Das gefiel mir gar nicht.

„Und wenn er auspackt werden sie ihn abknallen. Sehr tolle Idee“, grummelte ich vor mich hin.

„So weit wird es gar nicht kommen. Der Junge kommt ins Zeugenschutzprogramm“, erwiderte Evan.

Es verschlug mir die Sprache.

Überrascht schaute ich von Dan zu Evan.

„Ihr wollt damit also sagen, das er tatsächlich Leute erschießt die versuchen ihn zu verpfeifen!“, meine Stimme überschlug sich und war fast hysterisch.

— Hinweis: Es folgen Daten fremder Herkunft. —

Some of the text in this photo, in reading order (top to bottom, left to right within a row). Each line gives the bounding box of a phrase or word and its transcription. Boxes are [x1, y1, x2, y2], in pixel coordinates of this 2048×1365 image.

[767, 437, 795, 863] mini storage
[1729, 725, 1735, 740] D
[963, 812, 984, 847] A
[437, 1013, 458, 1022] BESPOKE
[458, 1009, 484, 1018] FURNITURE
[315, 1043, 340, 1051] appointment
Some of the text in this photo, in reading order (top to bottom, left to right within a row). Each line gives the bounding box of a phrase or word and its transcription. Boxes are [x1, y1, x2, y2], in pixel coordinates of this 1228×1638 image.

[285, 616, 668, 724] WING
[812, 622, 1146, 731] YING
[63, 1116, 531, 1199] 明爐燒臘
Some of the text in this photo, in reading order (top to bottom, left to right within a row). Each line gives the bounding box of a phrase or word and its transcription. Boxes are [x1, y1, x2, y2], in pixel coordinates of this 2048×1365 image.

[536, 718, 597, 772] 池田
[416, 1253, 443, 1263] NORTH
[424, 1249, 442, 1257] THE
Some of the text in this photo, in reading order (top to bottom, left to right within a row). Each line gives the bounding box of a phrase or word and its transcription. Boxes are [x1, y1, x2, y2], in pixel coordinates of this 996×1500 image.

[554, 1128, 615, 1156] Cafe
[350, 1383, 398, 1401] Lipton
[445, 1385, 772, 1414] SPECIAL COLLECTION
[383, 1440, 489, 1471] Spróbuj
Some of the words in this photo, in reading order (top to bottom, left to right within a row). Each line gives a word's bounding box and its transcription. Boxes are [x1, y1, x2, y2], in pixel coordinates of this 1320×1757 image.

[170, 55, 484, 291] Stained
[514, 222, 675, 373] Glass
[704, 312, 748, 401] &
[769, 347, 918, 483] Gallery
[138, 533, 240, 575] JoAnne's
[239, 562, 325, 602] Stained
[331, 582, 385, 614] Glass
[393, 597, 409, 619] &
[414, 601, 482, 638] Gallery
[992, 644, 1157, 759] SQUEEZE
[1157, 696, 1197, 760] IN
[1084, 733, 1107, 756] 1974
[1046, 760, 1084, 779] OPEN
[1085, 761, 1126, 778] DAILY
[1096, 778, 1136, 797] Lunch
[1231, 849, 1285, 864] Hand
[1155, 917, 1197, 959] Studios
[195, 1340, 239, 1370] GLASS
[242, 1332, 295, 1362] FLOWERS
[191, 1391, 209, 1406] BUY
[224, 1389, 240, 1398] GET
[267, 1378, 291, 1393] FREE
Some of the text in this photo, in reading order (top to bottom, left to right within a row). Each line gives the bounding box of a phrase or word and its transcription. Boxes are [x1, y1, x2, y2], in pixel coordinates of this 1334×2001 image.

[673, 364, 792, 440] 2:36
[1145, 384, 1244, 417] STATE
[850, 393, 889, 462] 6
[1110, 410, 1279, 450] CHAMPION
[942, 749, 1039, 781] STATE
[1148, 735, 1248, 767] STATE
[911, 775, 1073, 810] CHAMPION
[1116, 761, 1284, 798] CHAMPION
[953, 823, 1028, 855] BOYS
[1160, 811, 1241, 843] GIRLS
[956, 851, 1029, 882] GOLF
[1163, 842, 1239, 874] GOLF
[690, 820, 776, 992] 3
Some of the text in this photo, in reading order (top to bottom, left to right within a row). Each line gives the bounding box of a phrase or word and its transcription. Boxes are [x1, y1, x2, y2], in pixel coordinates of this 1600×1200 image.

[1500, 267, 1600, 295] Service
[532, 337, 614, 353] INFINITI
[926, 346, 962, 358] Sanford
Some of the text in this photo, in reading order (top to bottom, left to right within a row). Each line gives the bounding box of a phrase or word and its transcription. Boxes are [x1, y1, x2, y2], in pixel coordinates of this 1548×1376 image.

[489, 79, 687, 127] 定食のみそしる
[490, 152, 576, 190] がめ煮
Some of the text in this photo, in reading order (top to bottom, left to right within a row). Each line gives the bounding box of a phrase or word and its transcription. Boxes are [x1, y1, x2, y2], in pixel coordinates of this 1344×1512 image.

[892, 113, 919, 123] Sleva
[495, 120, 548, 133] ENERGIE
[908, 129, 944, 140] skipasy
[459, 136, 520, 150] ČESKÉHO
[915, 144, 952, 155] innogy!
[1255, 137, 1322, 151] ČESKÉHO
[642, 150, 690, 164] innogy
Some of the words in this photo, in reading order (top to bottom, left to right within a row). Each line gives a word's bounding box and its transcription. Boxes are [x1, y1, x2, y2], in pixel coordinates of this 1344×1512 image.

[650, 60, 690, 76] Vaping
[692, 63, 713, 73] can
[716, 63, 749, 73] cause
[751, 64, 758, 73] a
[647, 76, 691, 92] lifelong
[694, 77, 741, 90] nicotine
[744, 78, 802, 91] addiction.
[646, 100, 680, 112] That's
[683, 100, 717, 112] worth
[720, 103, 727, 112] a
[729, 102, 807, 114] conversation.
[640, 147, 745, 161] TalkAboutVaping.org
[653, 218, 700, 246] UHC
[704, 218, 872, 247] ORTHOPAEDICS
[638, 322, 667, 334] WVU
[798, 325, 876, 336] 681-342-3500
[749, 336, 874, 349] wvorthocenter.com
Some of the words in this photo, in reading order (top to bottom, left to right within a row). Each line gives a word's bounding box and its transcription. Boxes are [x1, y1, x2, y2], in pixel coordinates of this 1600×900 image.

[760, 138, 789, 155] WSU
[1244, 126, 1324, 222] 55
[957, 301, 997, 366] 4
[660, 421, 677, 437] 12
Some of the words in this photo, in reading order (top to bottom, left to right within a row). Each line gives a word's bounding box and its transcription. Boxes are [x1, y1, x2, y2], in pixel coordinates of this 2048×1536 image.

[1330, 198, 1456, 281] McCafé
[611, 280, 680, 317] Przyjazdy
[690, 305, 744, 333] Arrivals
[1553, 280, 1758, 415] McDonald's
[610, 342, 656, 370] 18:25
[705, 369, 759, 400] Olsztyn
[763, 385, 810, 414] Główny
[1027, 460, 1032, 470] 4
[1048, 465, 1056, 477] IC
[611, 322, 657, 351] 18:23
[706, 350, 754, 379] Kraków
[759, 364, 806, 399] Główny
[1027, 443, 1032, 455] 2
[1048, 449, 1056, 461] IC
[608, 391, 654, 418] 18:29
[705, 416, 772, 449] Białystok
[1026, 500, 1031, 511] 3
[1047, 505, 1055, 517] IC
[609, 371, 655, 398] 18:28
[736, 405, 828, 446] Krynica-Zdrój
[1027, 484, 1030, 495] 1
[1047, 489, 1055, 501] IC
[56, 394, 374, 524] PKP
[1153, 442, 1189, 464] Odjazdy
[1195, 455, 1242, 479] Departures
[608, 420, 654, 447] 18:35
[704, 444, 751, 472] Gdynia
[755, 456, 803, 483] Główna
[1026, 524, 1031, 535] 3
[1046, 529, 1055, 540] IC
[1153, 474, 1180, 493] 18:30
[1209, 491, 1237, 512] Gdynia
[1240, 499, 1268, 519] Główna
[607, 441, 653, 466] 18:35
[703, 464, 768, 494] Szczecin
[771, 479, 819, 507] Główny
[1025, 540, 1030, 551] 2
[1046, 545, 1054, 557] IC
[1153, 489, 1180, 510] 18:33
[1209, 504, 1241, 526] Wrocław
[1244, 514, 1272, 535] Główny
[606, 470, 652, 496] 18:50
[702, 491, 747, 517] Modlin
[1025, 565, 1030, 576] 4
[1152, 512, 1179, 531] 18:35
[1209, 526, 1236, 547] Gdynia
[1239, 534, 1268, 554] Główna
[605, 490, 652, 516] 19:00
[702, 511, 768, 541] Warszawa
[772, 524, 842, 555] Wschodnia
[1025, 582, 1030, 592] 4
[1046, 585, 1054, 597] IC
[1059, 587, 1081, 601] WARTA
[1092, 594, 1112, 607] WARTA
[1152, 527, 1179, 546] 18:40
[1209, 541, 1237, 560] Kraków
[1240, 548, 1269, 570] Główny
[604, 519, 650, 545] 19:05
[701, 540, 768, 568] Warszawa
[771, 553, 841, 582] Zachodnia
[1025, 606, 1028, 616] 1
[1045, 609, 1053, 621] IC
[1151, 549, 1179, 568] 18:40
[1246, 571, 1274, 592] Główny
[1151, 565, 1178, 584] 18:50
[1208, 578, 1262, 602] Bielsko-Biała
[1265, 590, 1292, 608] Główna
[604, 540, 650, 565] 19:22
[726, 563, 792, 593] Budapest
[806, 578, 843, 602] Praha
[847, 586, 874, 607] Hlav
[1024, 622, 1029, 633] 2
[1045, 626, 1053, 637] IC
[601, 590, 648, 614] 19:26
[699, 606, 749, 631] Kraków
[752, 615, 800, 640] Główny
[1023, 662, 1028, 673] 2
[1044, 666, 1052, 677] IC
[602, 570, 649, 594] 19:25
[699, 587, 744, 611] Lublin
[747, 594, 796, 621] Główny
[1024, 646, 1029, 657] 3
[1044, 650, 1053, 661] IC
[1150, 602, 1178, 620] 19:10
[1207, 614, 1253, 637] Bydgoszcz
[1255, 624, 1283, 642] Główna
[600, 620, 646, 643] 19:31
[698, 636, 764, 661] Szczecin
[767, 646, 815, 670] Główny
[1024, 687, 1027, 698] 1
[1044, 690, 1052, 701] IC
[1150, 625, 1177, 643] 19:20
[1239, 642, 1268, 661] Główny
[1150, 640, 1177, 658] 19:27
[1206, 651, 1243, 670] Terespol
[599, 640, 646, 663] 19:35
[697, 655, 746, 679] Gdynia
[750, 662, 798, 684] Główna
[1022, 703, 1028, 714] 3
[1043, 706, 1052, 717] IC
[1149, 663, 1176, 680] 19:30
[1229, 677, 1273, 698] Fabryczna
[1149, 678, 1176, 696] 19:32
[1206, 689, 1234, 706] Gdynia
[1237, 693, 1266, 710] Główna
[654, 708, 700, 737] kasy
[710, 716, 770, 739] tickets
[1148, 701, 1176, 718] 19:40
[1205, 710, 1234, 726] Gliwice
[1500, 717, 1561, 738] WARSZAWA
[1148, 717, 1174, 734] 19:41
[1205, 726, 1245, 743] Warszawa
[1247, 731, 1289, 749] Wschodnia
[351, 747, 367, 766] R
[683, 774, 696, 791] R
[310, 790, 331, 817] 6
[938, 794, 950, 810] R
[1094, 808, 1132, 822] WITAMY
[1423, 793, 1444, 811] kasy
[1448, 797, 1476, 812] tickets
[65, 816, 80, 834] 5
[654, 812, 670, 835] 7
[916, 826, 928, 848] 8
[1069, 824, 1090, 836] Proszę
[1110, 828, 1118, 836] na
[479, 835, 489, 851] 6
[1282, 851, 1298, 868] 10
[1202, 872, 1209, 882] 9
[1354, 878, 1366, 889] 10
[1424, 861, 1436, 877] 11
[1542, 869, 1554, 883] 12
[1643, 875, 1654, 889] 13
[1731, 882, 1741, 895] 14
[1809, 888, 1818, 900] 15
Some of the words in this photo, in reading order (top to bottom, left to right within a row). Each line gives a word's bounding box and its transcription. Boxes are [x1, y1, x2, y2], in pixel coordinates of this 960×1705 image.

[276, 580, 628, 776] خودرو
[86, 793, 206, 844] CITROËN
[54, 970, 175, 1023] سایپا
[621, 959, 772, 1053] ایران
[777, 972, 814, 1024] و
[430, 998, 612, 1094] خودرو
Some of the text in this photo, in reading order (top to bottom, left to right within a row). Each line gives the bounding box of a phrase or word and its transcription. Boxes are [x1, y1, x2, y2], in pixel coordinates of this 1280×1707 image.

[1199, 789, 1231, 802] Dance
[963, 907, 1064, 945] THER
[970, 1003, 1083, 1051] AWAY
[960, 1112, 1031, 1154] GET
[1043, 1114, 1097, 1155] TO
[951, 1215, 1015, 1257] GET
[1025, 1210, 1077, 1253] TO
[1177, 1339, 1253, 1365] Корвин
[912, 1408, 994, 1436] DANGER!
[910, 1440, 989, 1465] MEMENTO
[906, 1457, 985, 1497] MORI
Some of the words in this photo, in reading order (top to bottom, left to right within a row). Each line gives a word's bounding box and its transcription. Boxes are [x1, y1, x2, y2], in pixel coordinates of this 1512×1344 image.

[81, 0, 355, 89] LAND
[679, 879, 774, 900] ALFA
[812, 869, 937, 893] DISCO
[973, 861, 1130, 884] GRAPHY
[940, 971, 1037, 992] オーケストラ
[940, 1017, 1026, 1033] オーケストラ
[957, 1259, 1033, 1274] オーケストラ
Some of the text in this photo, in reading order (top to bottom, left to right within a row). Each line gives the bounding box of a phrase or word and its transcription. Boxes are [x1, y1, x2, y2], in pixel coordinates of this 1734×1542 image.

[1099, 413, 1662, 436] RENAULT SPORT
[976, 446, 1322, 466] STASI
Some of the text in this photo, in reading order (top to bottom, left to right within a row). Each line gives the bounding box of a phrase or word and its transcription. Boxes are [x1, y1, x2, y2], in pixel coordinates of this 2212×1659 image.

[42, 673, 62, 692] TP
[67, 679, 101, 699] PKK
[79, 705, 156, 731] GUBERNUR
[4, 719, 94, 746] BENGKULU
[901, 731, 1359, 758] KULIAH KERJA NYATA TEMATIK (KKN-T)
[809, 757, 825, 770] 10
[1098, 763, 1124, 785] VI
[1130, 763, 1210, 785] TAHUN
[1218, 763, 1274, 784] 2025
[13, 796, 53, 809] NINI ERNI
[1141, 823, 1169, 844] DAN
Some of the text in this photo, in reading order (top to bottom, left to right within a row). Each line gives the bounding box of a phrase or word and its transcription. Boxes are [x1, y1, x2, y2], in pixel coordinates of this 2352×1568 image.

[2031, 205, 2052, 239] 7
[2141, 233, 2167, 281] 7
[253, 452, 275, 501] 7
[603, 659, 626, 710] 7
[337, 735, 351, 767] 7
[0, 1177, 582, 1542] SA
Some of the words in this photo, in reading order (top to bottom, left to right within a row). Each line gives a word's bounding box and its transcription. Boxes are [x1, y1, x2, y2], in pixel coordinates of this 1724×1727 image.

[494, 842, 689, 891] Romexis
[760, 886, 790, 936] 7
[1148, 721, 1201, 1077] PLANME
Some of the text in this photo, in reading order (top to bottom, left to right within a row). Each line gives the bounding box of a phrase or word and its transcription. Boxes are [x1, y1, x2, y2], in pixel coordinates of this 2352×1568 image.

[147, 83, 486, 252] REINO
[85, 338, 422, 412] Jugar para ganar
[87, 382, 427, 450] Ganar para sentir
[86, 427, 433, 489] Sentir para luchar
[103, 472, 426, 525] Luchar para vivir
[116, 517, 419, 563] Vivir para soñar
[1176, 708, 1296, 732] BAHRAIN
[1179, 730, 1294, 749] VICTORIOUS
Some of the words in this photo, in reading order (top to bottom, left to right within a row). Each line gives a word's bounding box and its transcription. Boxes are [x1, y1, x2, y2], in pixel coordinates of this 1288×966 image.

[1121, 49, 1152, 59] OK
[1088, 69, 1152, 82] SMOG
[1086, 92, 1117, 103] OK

Evan schlug sich mit der flachen Hand gegen den Kopf.

„Scheiße! Warum kann ich denn meine Klappe nicht halten!“

Ich sprang auf.

„Das reicht! Wir brechen das Ganze auf der Stelle ab! Das werde ich nicht riskieren! Komm Marisol!“

„Joan bitte ihr könnt uns jetzt nicht einfach im Stich lassen!“, rief dann Evan.

Ich ignorierte ihn und drehte mich auf dem Absatz um.

„Joan...“, sagte Marisol jetzt endlich was. Sie trat hinter mich und legte die Arme um meine Taille und ließ ihren Kopf auf meine Schulter sinken.

„Was soll den da schon passieren? Erstens verpfeifen gar nicht wir Anthony, sondern seine Lover. Und zweitens weiß er doch gar nicht das wir Informationen für sie beschaffen. Schließlich hatten wir weder mit der Polizei oder Jungdetektiven noch mit Drogen jemals was am Hut.“

Das klang alles ganz logisch aber ich musste mir eingestehen das ich Angst hatte. Wenn ich alleine gewesen wäre, hätte ich vielleicht auch nichts weiter gesagt. Aber Marisol. Ich wollte sie in keinster Weise in Gefahr bringen. Und das hielt mich auch davon ab irgendetwas gutes in dieser Sache zu sehen.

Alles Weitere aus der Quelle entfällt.